▶ **Instructions to follow**: Print the lines below exactly as written, with none missing.

▶ **Available data**:
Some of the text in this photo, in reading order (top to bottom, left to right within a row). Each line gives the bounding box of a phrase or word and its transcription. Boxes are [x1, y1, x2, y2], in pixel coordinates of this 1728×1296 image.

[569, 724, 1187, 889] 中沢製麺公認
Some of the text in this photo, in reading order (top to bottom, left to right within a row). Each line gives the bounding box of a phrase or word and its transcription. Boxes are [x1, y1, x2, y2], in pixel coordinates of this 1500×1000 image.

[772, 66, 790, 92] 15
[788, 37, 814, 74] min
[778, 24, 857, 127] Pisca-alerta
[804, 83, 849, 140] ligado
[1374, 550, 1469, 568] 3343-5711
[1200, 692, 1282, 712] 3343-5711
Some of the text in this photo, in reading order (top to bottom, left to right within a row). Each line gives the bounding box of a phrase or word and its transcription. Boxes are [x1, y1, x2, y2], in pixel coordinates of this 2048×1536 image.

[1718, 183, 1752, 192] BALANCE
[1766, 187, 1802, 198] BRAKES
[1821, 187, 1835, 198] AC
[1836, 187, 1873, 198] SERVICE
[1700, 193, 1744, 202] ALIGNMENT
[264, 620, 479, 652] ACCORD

▶ **Your solution**:
Some of the text in this photo, in reading order (top to bottom, left to right within a row). Each line gives the bounding box of a phrase or word and its transcription. Boxes are [x1, y1, x2, y2], in pixel coordinates of this 1728×1296 image.

[569, 724, 1187, 889] 中沢製麺公認
Some of the text in this photo, in reading order (top to bottom, left to right within a row). Each line gives the bounding box of a phrase or word and its transcription. Boxes are [x1, y1, x2, y2], in pixel coordinates of this 1500×1000 image.

[772, 66, 790, 92] 15
[788, 37, 814, 74] min
[778, 24, 857, 127] Pisca-alerta
[804, 83, 849, 140] ligado
[1374, 550, 1469, 568] 3343-5711
[1200, 692, 1282, 712] 3343-5711
Some of the text in this photo, in reading order (top to bottom, left to right within a row). Each line gives the bounding box of a phrase or word and its transcription. Boxes are [x1, y1, x2, y2], in pixel coordinates of this 2048×1536 image.

[1718, 183, 1752, 192] BALANCE
[1766, 187, 1802, 198] BRAKES
[1821, 187, 1835, 198] AC
[1836, 187, 1873, 198] SERVICE
[1700, 193, 1744, 202] ALIGNMENT
[264, 620, 479, 652] ACCORD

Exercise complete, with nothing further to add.